TASK STATEMENT: Copy each line below exactly and leave the pictures out.

Data records:
Start of Block
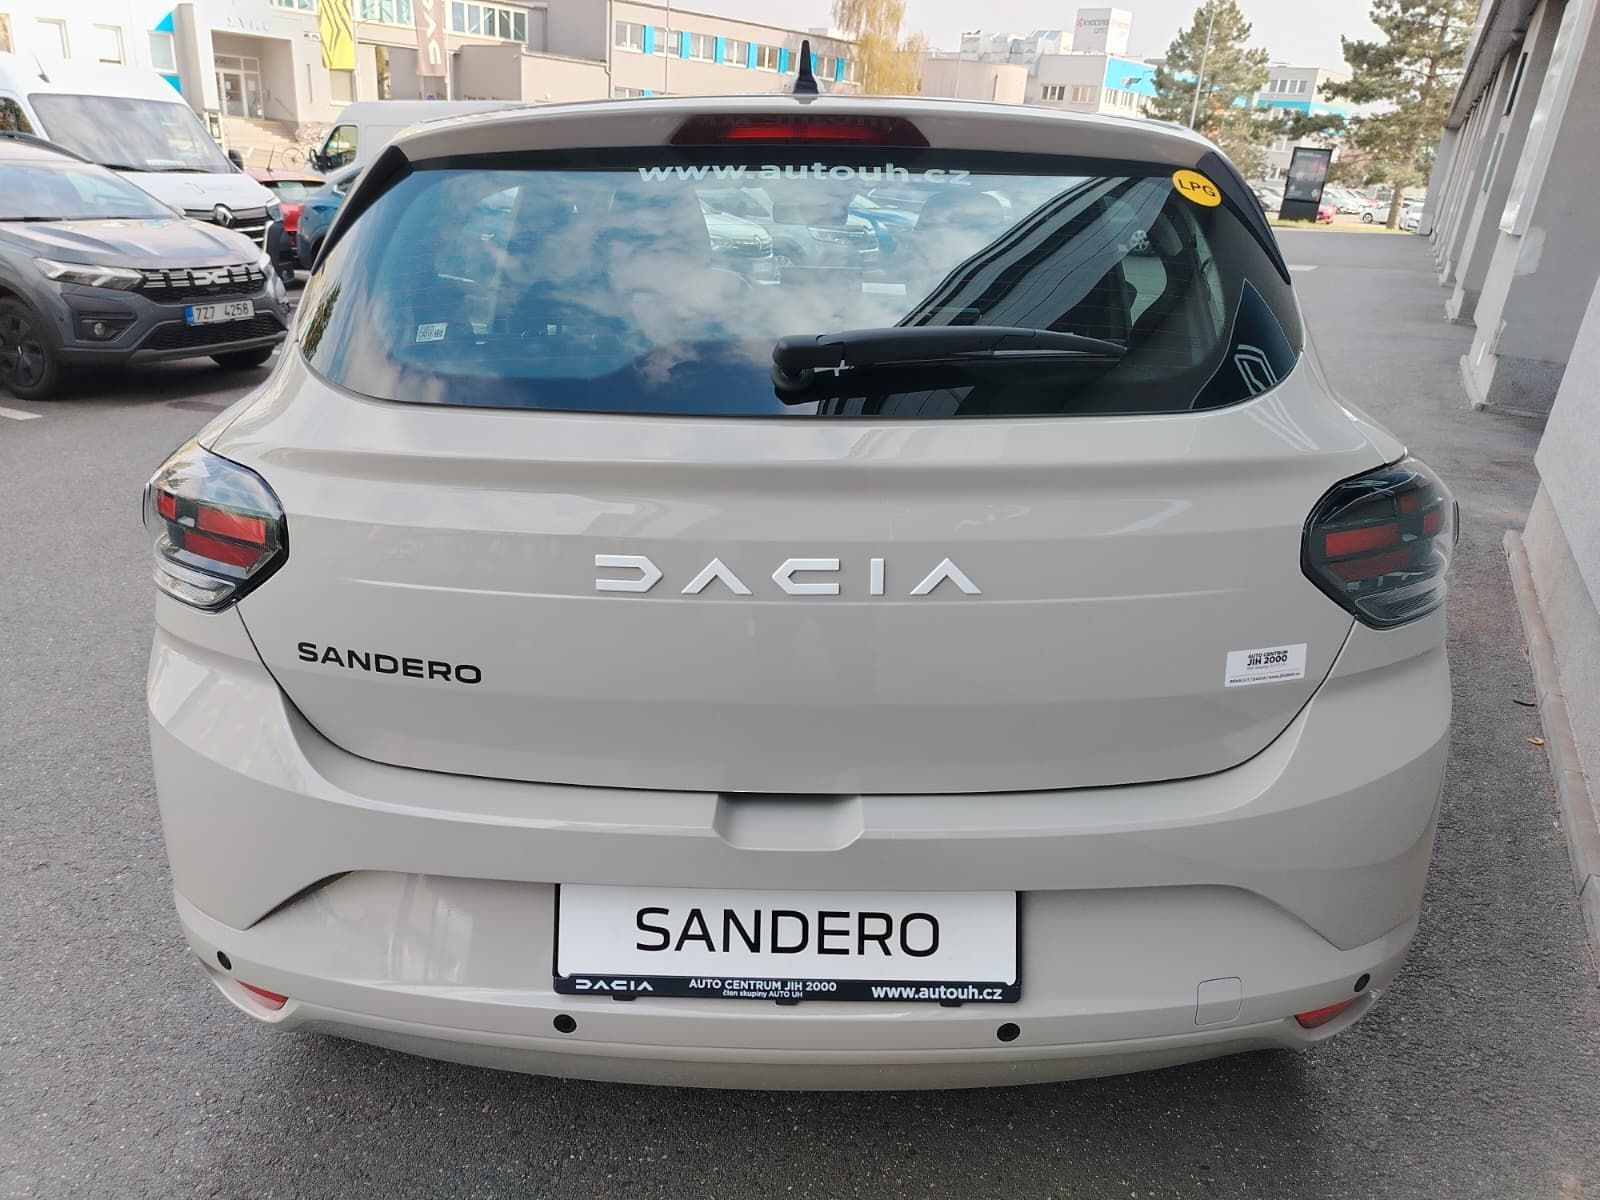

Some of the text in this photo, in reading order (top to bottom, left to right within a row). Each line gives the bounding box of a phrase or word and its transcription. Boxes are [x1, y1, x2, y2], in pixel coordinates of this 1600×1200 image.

[638, 161, 972, 186] www.autouh.cz
[1178, 179, 1216, 197] LPG
[195, 303, 249, 320] 7Z7 4258
[595, 554, 982, 595] DACIA
[298, 641, 482, 684] SANDERO
[1247, 655, 1288, 666] JIH 2000
[635, 906, 940, 957] SANDERO
[575, 979, 654, 991] DACIA
[689, 978, 837, 991] AUTO CENTRUM JIH 2000
[871, 985, 1003, 1000] www.autouh.cz
[740, 990, 767, 998] skupiny
End of Block
ANSWER SPACE:
Some of the text in this photo, in reading order (top to bottom, left to right within a row). Each line gives the bounding box of a phrase or word and its transcription. Boxes are [x1, y1, x2, y2], in pixel coordinates of this 1600×1200 image.

[638, 161, 972, 186] www.autouh.cz
[1178, 179, 1216, 197] LPG
[195, 303, 249, 320] 7Z7 4258
[595, 554, 982, 595] DACIA
[298, 641, 482, 684] SANDERO
[1247, 655, 1288, 666] JIH 2000
[635, 906, 940, 957] SANDERO
[575, 979, 654, 991] DACIA
[689, 978, 837, 991] AUTO CENTRUM JIH 2000
[871, 985, 1003, 1000] www.autouh.cz
[740, 990, 767, 998] skupiny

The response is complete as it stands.